HC strikes down SEC order confining Minister to home


Court bars Peddireddy from interacting with media till Feb. 21

State Election Commissioner (SEC) N. Ramesh Kumar’s order that Panchayat Raj & Rural Development Minister Peddireddy Ramachandra Reddy should be confined to his residence till February 21 to prevent him from vitiating the process of Gram Panchayat (GP) elections, was struck down by the High Court on Sunday. However, the court barred the Minister from interacting with the media till the above date.

Justice D.V.S.S. Somayajulu delivered the verdict after hearing the arguments on a house motion petition filed by Mr. Ramachandra Reddy Saturday evening against the SEC’s order to the Director General of Police, which was for restricting the Minister’s movements till February 21, when the last phase of the panchayat elections are scheduled to be held.

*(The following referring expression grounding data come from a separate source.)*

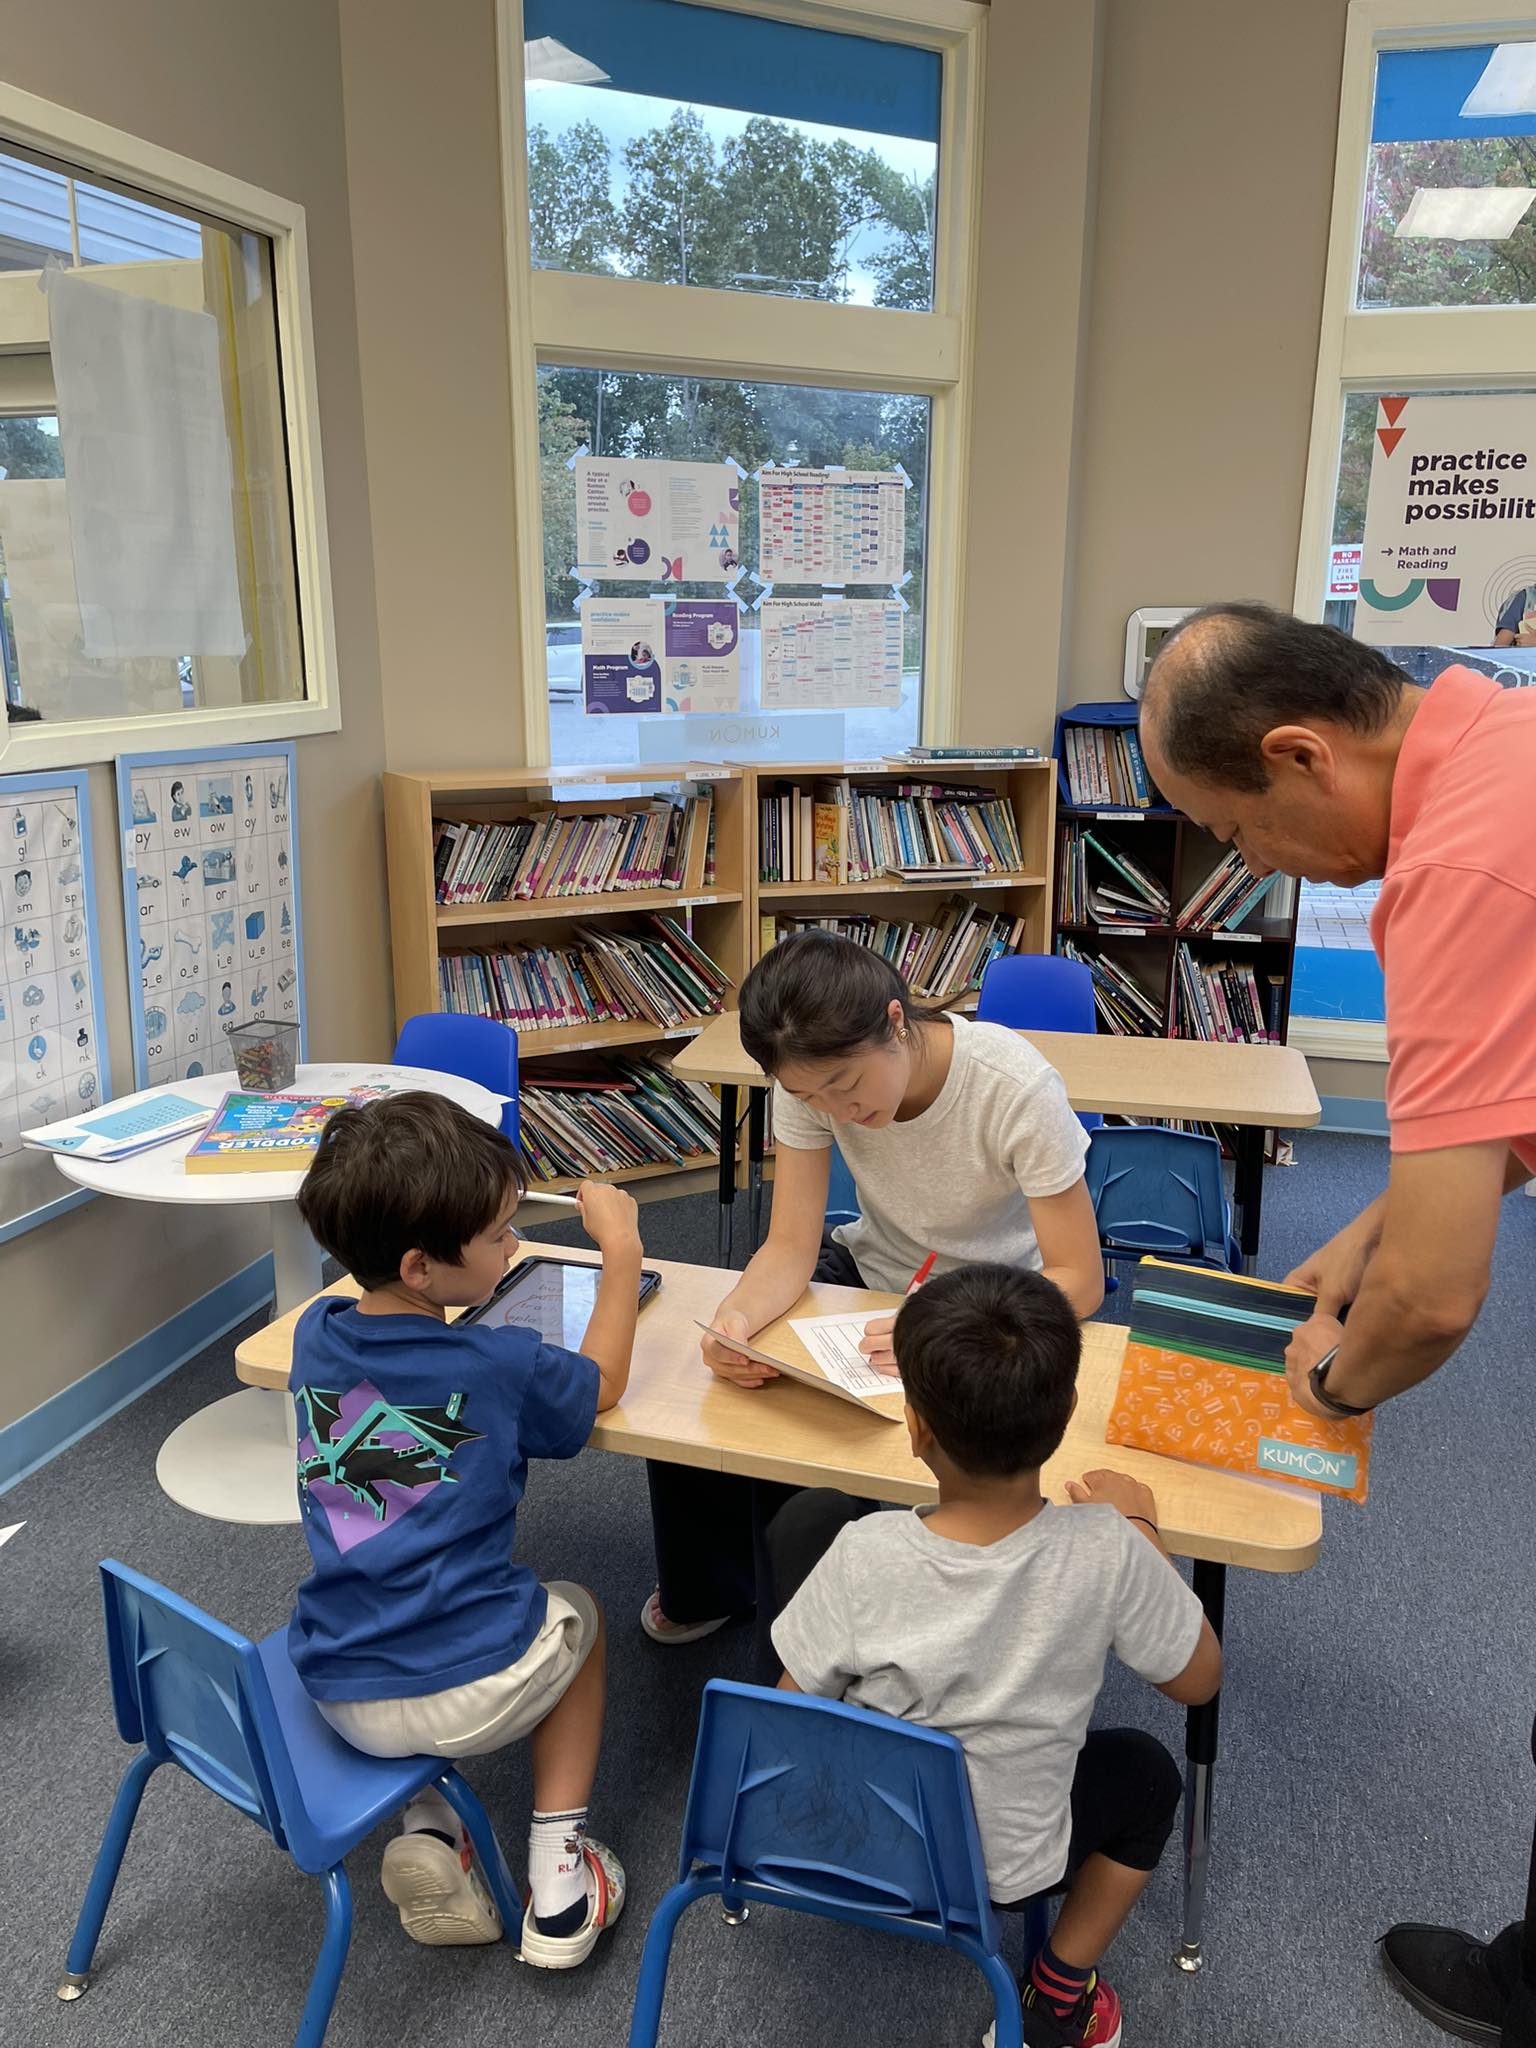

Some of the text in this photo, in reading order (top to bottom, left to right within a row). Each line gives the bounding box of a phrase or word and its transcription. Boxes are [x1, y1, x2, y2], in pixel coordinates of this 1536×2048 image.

[1411, 449, 1527, 476] practice
[1408, 474, 1499, 496] makes
[1399, 545, 1456, 556] Math and
[1397, 559, 1448, 571] Reading
[210, 822, 226, 833] ow
[244, 818, 257, 834] oy
[174, 827, 190, 838] ew
[62, 834, 73, 848] br
[135, 832, 151, 850] ay
[18, 840, 27, 862] gl
[279, 876, 288, 886] er
[248, 882, 259, 893] ur
[182, 892, 190, 908] ir
[216, 889, 227, 900] or
[65, 894, 77, 908] sp
[17, 902, 33, 914] sm
[140, 904, 154, 916] ar
[281, 938, 291, 949] ee
[70, 948, 81, 958] sc
[25, 953, 34, 975] pl
[75, 999, 83, 1010] st
[30, 1015, 40, 1031] pr
[148, 1045, 162, 1056] oo
[36, 1064, 47, 1080] ck
[219, 1136, 317, 1149] TODDLER
[1263, 1447, 1340, 1475] KUMON
[558, 1863, 573, 1874] RL

A main point in the Minister’s petition is that he got to leave his residence on Sunday morning to receive President Ram Nath Kovind who was on a visit to Chittoor district, at the Renigunta airport.

Appearing for the Minister, senior advocate C.V. Mohan Reddy contended that the impugned action was beyond the jurisdiction of the SEC and in violation of Articles 14 and 21 of the Constitution. He also insisted that the SEC should have put the Minister on notice before issuing the proceedings, and claimed that his client only criticised the SEC’s order that ‘unanimous elections’ in some districts should not be notified.

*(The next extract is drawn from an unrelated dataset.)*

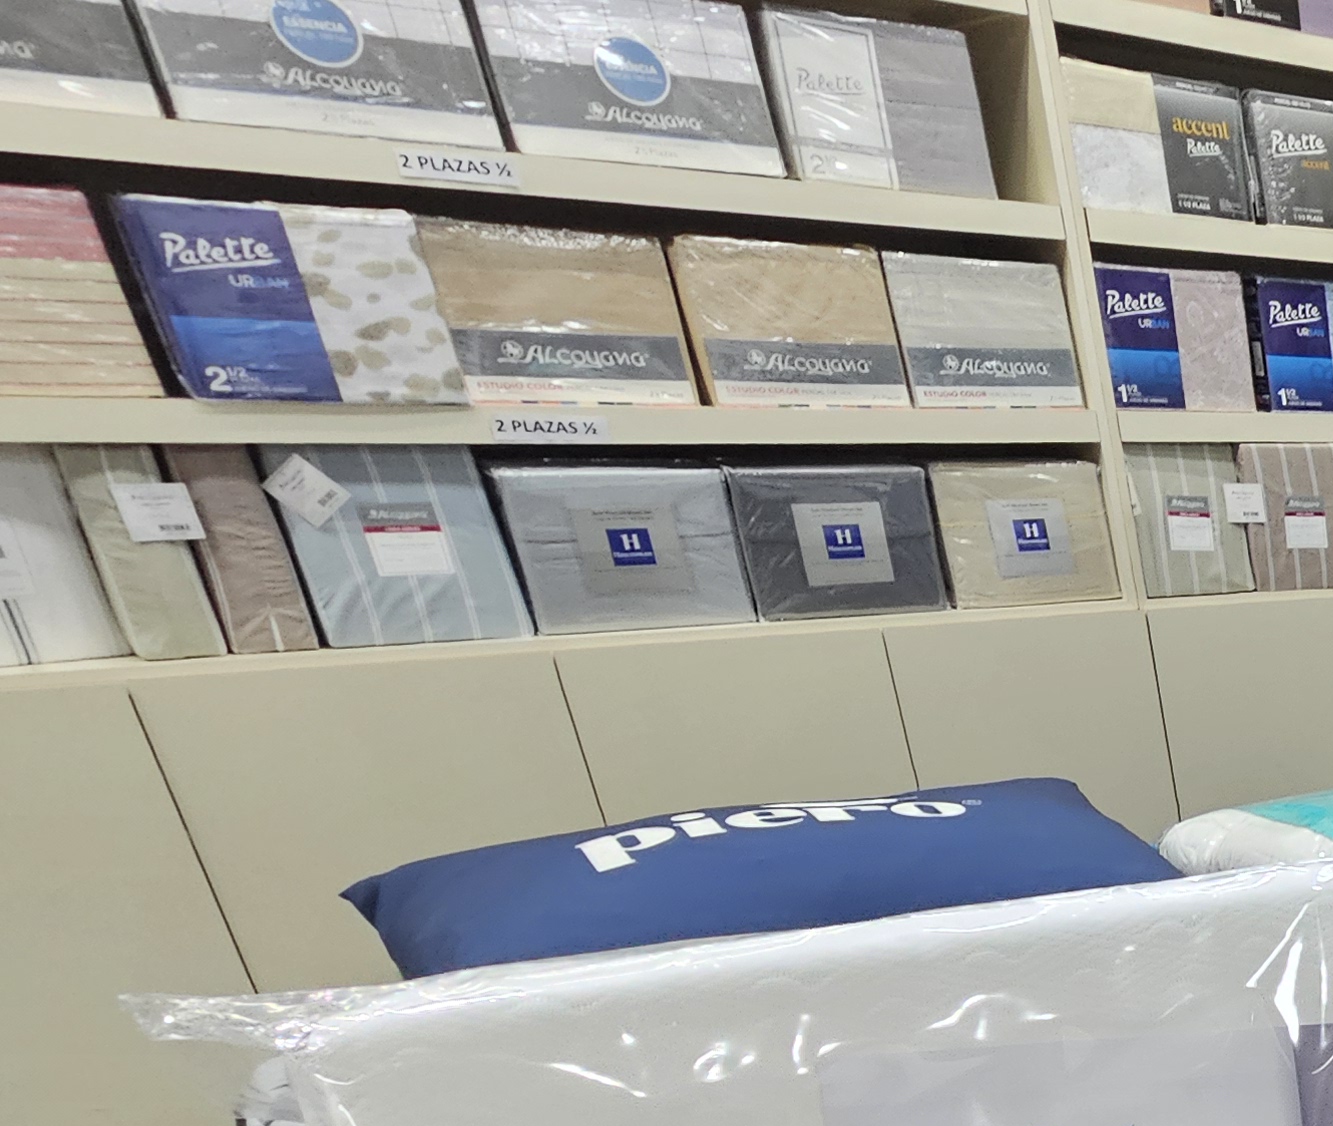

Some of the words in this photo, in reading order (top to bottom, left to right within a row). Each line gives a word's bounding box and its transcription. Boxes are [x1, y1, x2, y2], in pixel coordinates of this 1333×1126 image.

Senior lawyer B. Adinarayana Rao told the court that the SEC’s order was necessitated by the Minister’s exhortation to election authorities to defy the orders of SEC, which adversely affects the conduct of elections, and that the SEC did not intend to fully curtail the Minister’s liberty.

The SEC did not have any objection to Mr. Ramachandra Reddy discharging his functions as the Minister.

‘Unprecedented’

Advocate-General S. Sriram said the right to free speech and liberty are provided under Articles 19 and 21 of the Constitution and they can be curtailed only on reasonable grounds and orders to that effect are liable to be tested on grounds such as proportionality and mala fide including arbitrariness.

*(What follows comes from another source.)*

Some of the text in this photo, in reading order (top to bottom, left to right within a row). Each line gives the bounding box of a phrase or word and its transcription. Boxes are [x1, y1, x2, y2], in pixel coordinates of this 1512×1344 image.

He further said the kind of restraint which the SEC sought to impose on the Minister was unprecedented and therefore required a judicial examination.

A prior notice would have established the facts as the content of the Minister’s speech was contested, especially in the context of the distinction between hate speech and an inflammatory speech. The SEC should have justified his restraint order on the touchstone of fair and due process, the A-G observed.